**What is being asked:**
Reproduce the listing in full, pictures excluded.

------------

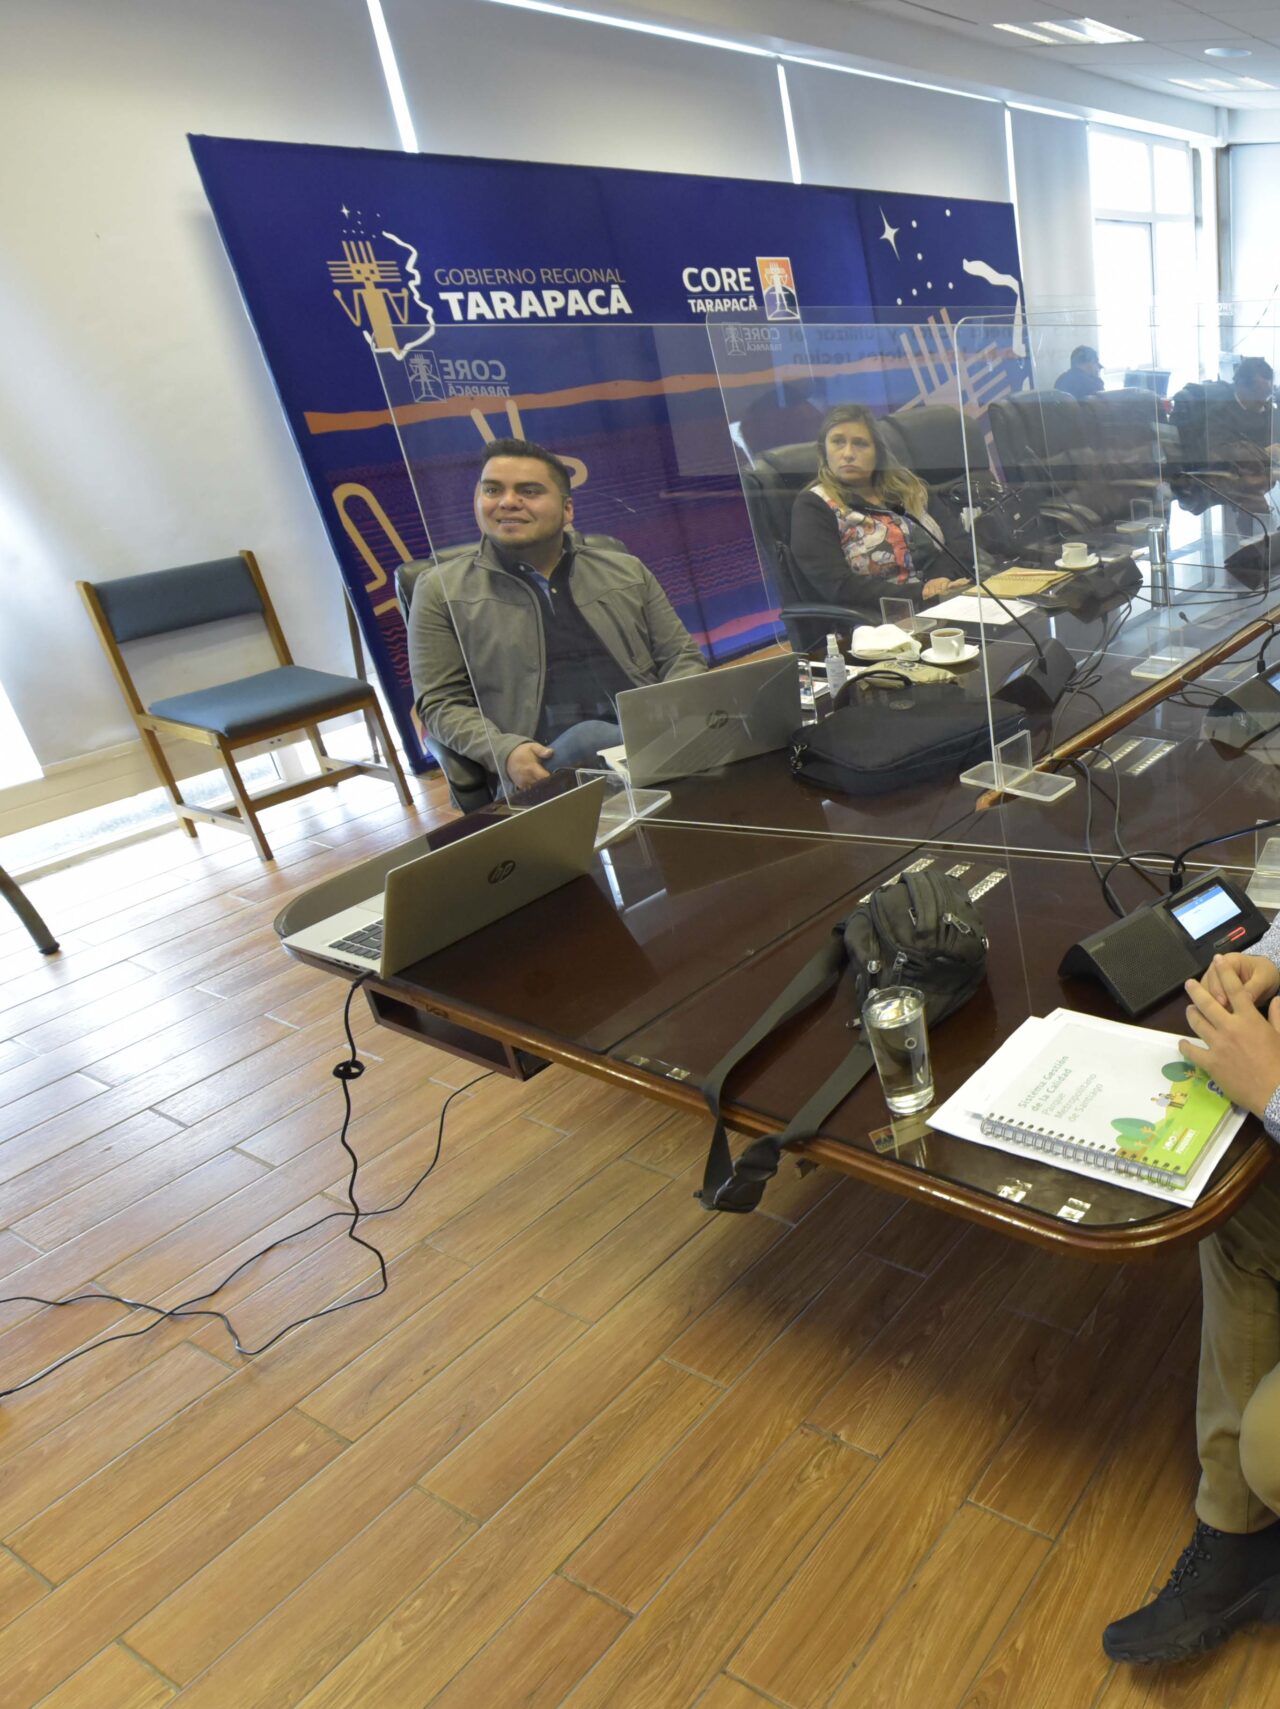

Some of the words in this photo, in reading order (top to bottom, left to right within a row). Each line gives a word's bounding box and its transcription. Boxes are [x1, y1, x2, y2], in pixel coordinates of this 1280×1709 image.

[434, 268, 536, 287] GOBIERNO
[540, 267, 626, 285] REGIONAL
[682, 267, 755, 293] CORE
[439, 284, 633, 321] TARAPACÁ
[687, 295, 758, 314] TARAPACÁ
[1017, 1080, 1048, 1109] Sistema
[1046, 1067, 1073, 1095] Calidad
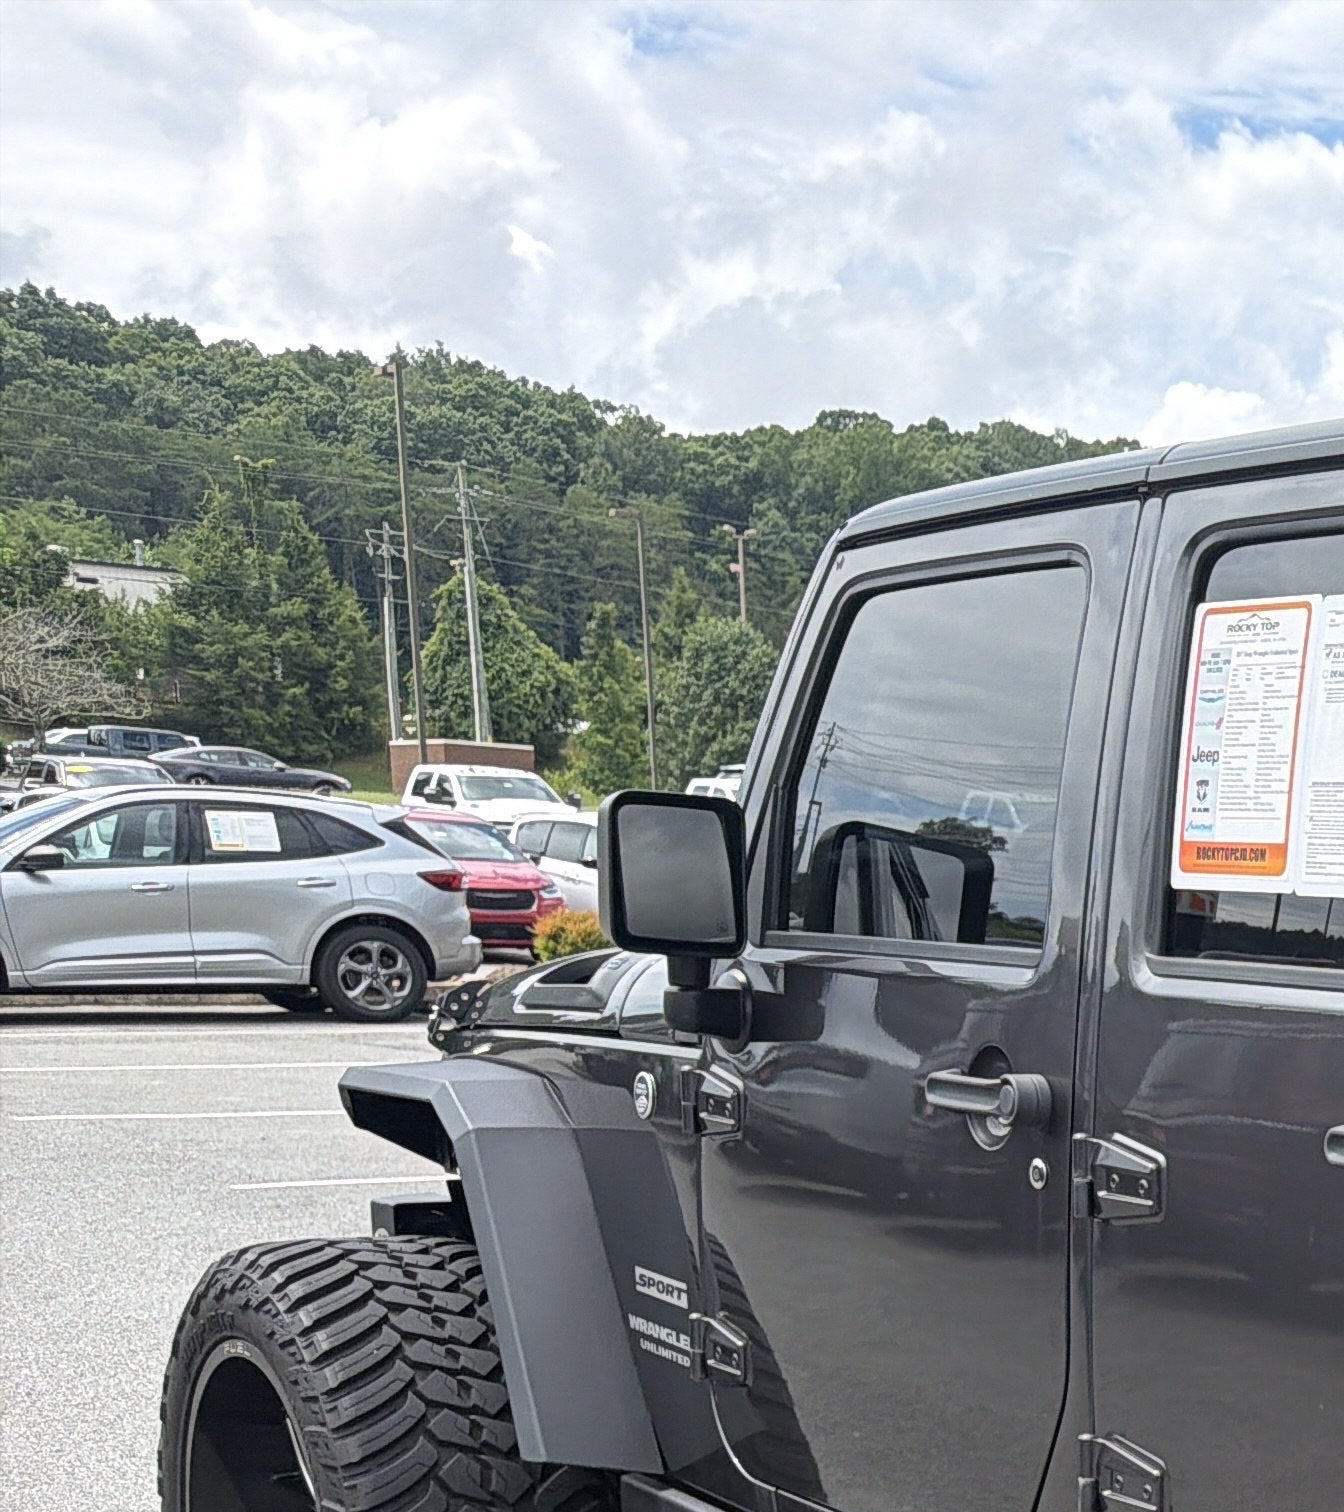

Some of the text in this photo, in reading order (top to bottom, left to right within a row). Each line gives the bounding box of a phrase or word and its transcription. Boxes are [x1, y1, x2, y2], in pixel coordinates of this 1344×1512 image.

[1226, 621, 1280, 633] ROCKY TOP
[1192, 745, 1220, 767] Jeep
[638, 1272, 688, 1302] SPORT
[628, 1312, 691, 1352] WRANGLE
[640, 1338, 691, 1368] UNLIMITED

------------

**Output for this exercise:**
Some of the words in this photo, in reading order (top to bottom, left to right within a row). Each line gives a word's bounding box and its transcription. Boxes are [x1, y1, x2, y2], in pixel coordinates of this 1280×1709 image.

[434, 268, 536, 287] GOBIERNO
[540, 267, 626, 285] REGIONAL
[682, 267, 755, 293] CORE
[439, 284, 633, 321] TARAPACÁ
[687, 295, 758, 314] TARAPACÁ
[1017, 1080, 1048, 1109] Sistema
[1046, 1067, 1073, 1095] Calidad

Some of the text in this photo, in reading order (top to bottom, left to right within a row). Each line gives the bounding box of a phrase or word and its transcription. Boxes are [x1, y1, x2, y2], in pixel coordinates of this 1344×1512 image.

[1226, 621, 1280, 633] ROCKY TOP
[1192, 745, 1220, 767] Jeep
[638, 1272, 688, 1302] SPORT
[628, 1312, 691, 1352] WRANGLE
[640, 1338, 691, 1368] UNLIMITED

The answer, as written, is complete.